Problem to solve:
Exactly the lines from the one containing "Some of the words" to the last line of the records, inclusive, are to be transcribed; include no others.

Available data:
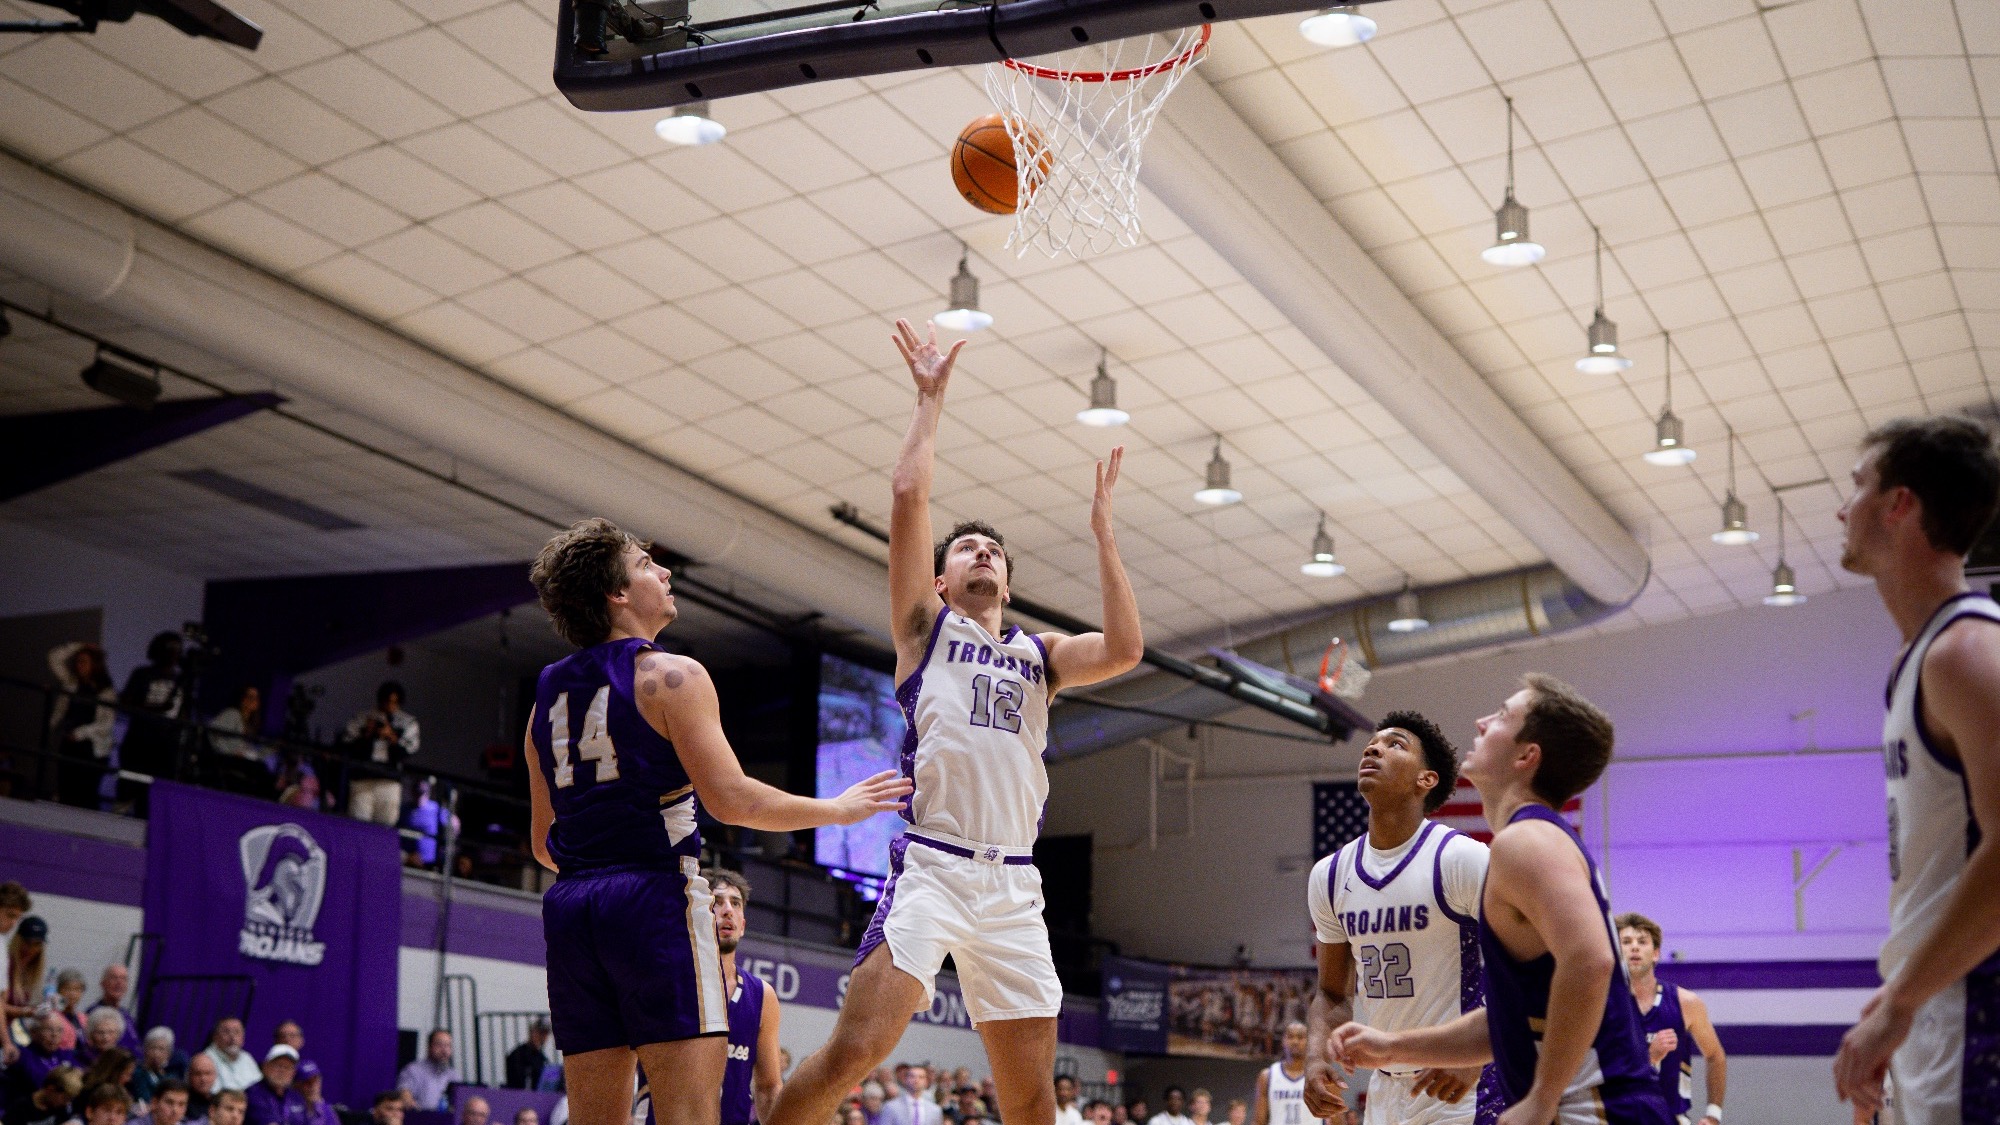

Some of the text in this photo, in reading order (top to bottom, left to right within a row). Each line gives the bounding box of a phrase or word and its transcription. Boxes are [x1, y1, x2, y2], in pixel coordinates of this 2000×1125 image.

[946, 640, 1043, 685] TROJANS
[970, 673, 1023, 734] 12
[548, 684, 620, 789] 14
[1338, 904, 1429, 937] TROJANS
[1361, 942, 1414, 999] 22
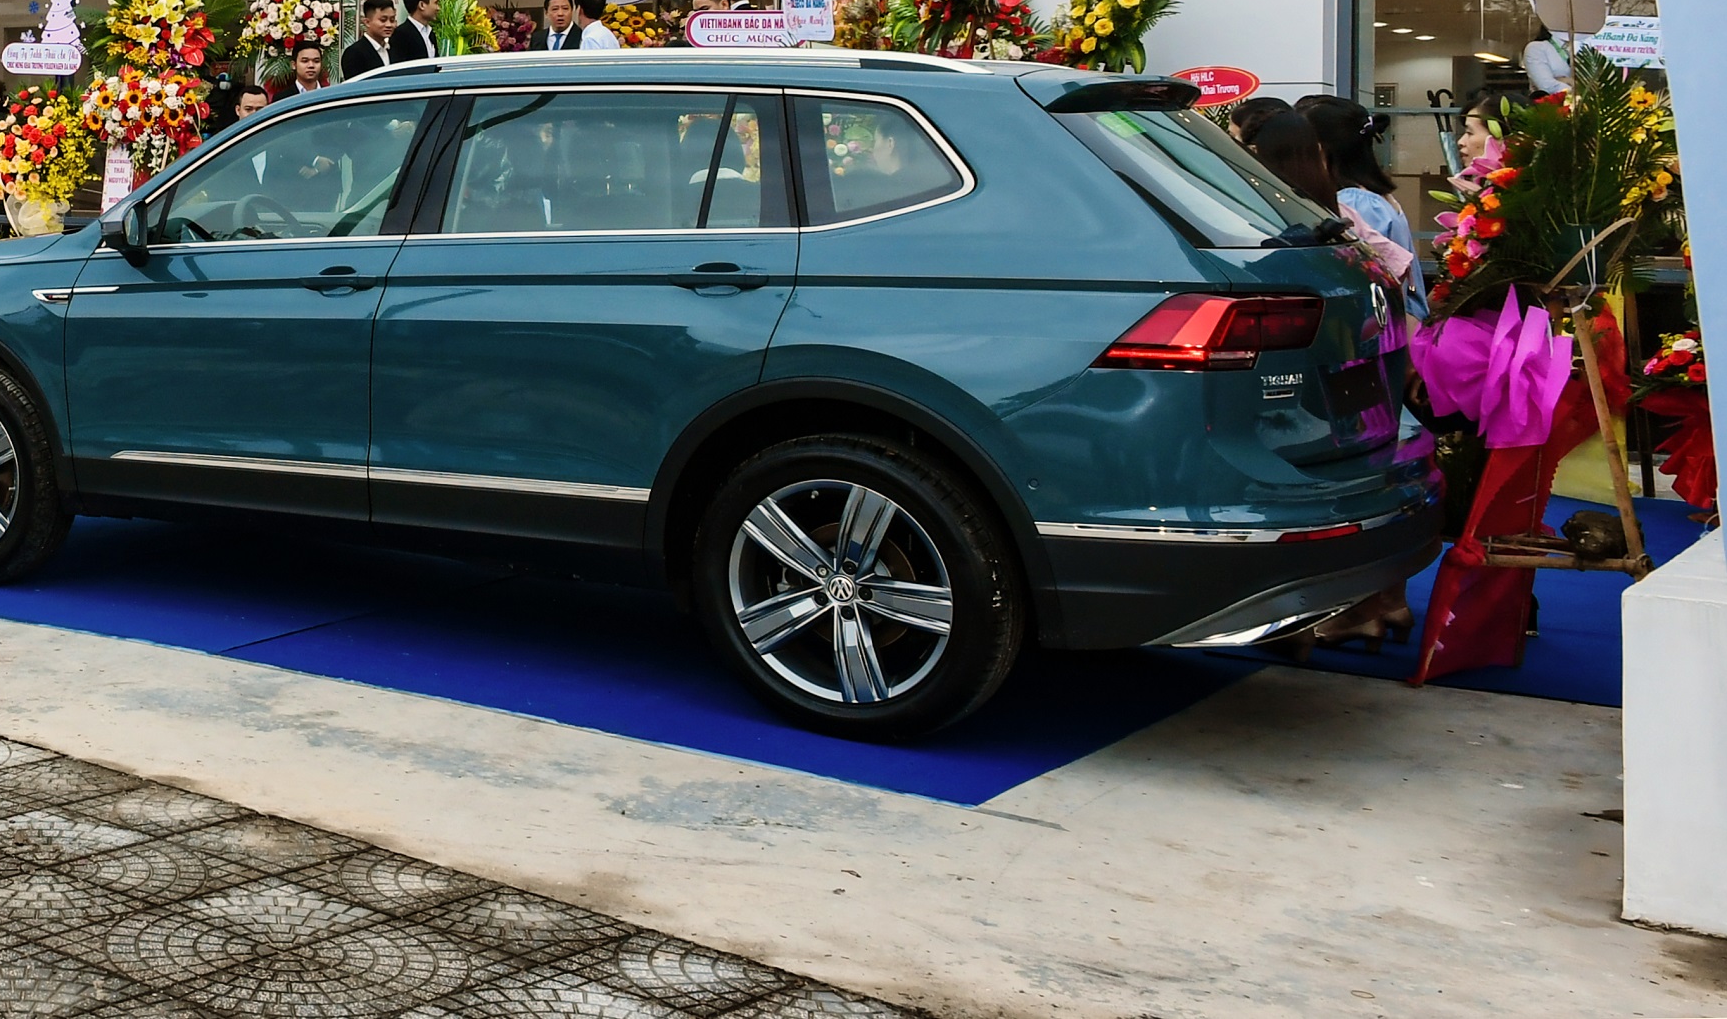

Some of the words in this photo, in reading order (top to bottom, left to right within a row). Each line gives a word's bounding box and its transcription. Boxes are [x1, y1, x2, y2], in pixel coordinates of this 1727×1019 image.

[700, 18, 742, 29] VIETINBANK
[707, 32, 739, 42] CHÚC
[1201, 72, 1214, 81] HLC
[1201, 85, 1215, 94] Khai
[1261, 373, 1303, 386] TIGUAN

Solution for this exercise:
Some of the words in this photo, in reading order (top to bottom, left to right within a row). Each line gives a word's bounding box and its transcription. Boxes are [x1, y1, x2, y2], in pixel coordinates of this 1727×1019 image.

[700, 18, 742, 29] VIETINBANK
[707, 32, 739, 42] CHÚC
[1201, 72, 1214, 81] HLC
[1201, 85, 1215, 94] Khai
[1261, 373, 1303, 386] TIGUAN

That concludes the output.